The Madison trio Gin, Chocolate and Bottle Rockets had a show Friday night. Like previous shows, they advertised on social media and singer Beth Kille was on 105.5 Triple M Friday morning to promote the show.
But you couldn’t go. In fact, nobody was there except the three members of the band — Kille, Jennifer Farley and Shawndell Marks.
The show was broadcast from Farley’s basement live via Facebook Live, where fans could not only watch the show but comment and make requests. They even had an opening act, Madison hip-hop band Wolves and Sheep, play a set beforehand on their Facebook page.
Livestreaming is the new normal for working musicians these days, as concerns about the novel coronavirus pandemic have prompted concert halls, bars and coffee houses to shut down — the places where musicians perform live before audiences.
Losing those venues is a blow to the musicians’ livelihood, but it also severs the connection they have with their fans. Fortunately, livestreaming and other technology have gotten easier than ever, reconnecting bands and fans — at least virtually.
“So many of us thrive on the social connections that the music we make creates,” singer Beth Kille said. “Having all of that pulled out from underneath us is really mind-boggling.”
When disco-rock group VO5 had a show last Saturday night canceled because of coronavirus fears, they moved the show online for a "social distancing miniconcert." Madison musicians like Josh Harty, Sean Michael Dargan and Jay Moran also livestreamed performances online for their followers.
Madison musician and Coney Island Studios owner Wendy Schneider has spent her career working with local independent artists. So it made sense for her to try and help musicians using livestreaming to get their music out to a larger audience.
She created a Facebook group, Live Streaming Resources for Local Music in Madison, as a clearinghouse for musicians to promote their livestreaming shows. The group currently has 471 members, and a scroll down the page provides links to performances by rock bands, bluegrass combos and solo singer-songwriters.
“It’s a place where I hope people will consider looking at as they would look at a club calendar,” Schneider said. “Just to comb through that page and see what sparks them, or just spend a few minutes on somebody’s link that they shared and just acknowledge them.”
The Facebook group has also become a place where tech-savvy people can share their expertise with musicians working the kinks out of livestreaming.
“I see people’s questions getting answered,” Schneider said. “The knowledge pool in Madison is very deep and very dimensional.”
Kille had originally planned to host Gin, Chocolate and Bottle Rockets’ live stream from her home studio, which seems tailor-made for a performance. But Kille’s husband works at a hospital, and to make sure that her bandmates felt comfortable in the space, the band decided to relocate to Farley’s basement.
“I didn’t want the tech to become a barrier between us and the fans,” she said. “I think the fans just want to lay eyes on the people that they enjoy watching.”

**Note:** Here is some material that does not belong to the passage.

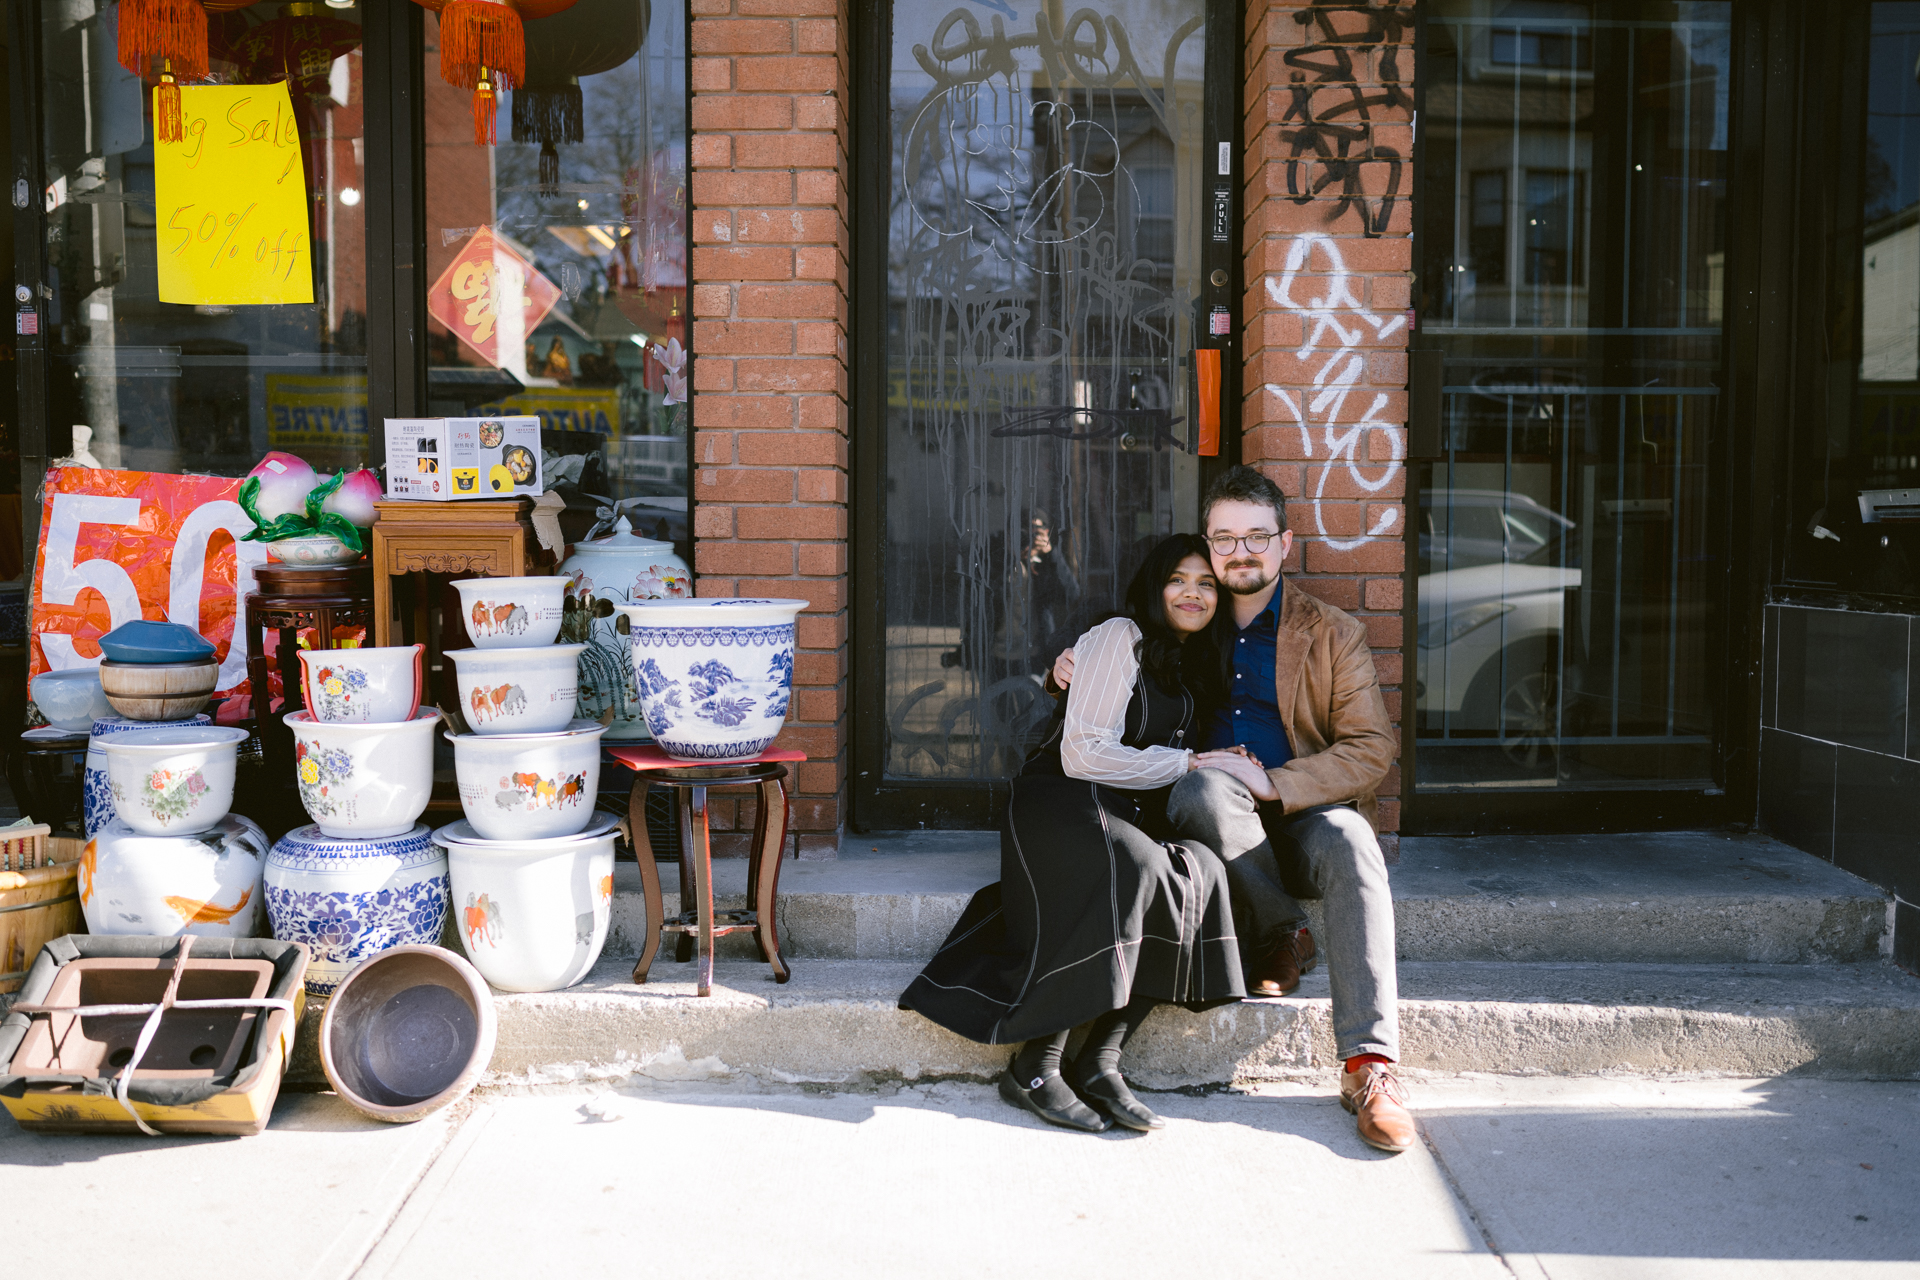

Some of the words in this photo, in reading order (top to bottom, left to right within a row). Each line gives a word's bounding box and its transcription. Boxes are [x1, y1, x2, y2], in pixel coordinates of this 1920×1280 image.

[160, 109, 208, 169] ig
[226, 96, 298, 149] Sale
[168, 202, 258, 270] 50%
[40, 493, 269, 692] 50

Nationally known musicians, who had to cancel their spring touring dates, have also turned to livestreaming. Bela Fleck & Abigail Washburn played a "Banjo House Lockdown" on Friday, Laura Marling gave guitar lessons via her Instagram page, and Rhett Miller of the Old 97’s has plans to do three shows a week online (the Friday shows are a “pay-what-you-can” performance, the digital equivalent of having a guitar case open to accept donations during a coffeehouse show.)
Livestreaming can’t come close to replacing the revenue from lost live gigs, but musicians are experimenting with ways that fans can support the band. Kille was heartened when the band posted a five-minute video earlier in the week, and fans contributed over $100 via Paypal and Venmo.

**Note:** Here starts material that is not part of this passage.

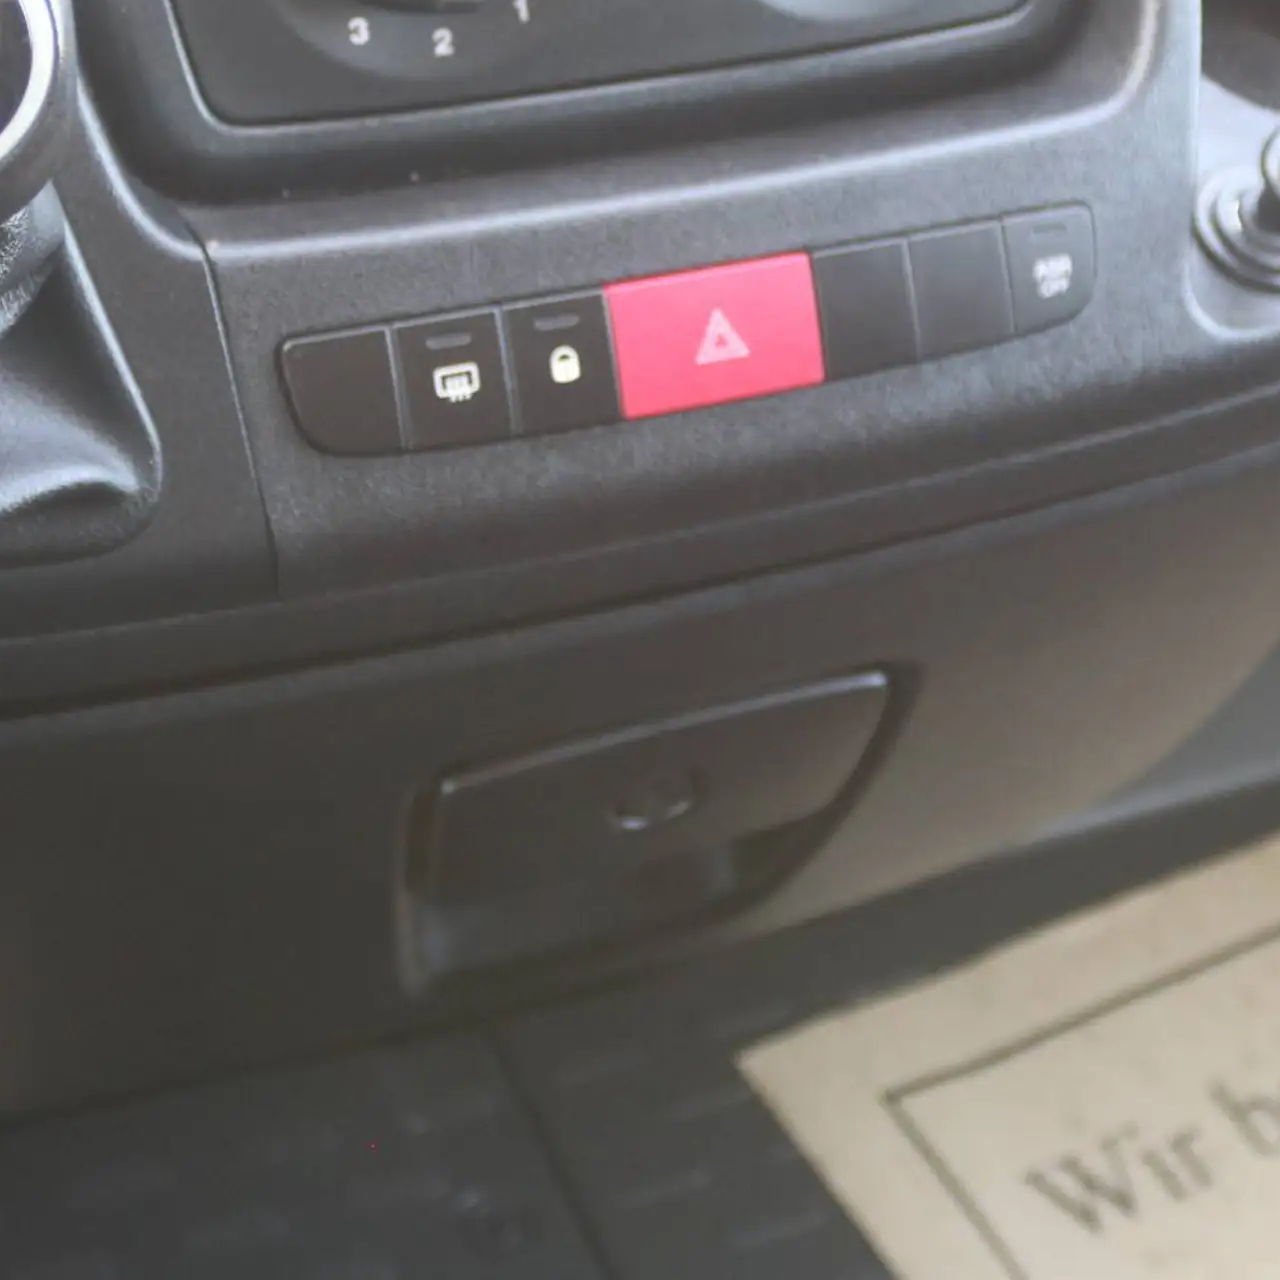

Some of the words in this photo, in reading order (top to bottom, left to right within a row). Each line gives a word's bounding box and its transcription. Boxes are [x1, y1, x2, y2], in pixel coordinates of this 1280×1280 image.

[347, 16, 371, 46] 3
[432, 27, 455, 57] 2
[1023, 1122, 1213, 1234] Wir

“As a musician, I make money through multiple streams,” Kille said. “But half of my income is performance income, and for all of that to be canceled is pretty intense.” Kille suggested that another way to financially support the musicians you like is to order T-shirts, CDs and other merch from their websites.

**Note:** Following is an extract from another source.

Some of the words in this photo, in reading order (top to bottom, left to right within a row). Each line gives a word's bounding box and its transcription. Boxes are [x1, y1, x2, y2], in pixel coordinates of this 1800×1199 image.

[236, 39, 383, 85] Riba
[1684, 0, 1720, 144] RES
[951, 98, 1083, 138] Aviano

Schneider said that her focus right now is on supporting organizations providing food and other needed aid to local residents such as the United Way, Goodman Center and Mutual Aid Group. While musicians appreciate financial support, she said, what may be more critical is simply staying connected to them, and giving them a creative outlet in turbulent times.
“I feel like everyone is coming alive in different ways of how they’re going to do it,” Schneider said. “The group thread is a great way to say, ‘I’m here. I need to perform, I need to connect.’ It’s been a strange life preserver around the music community.”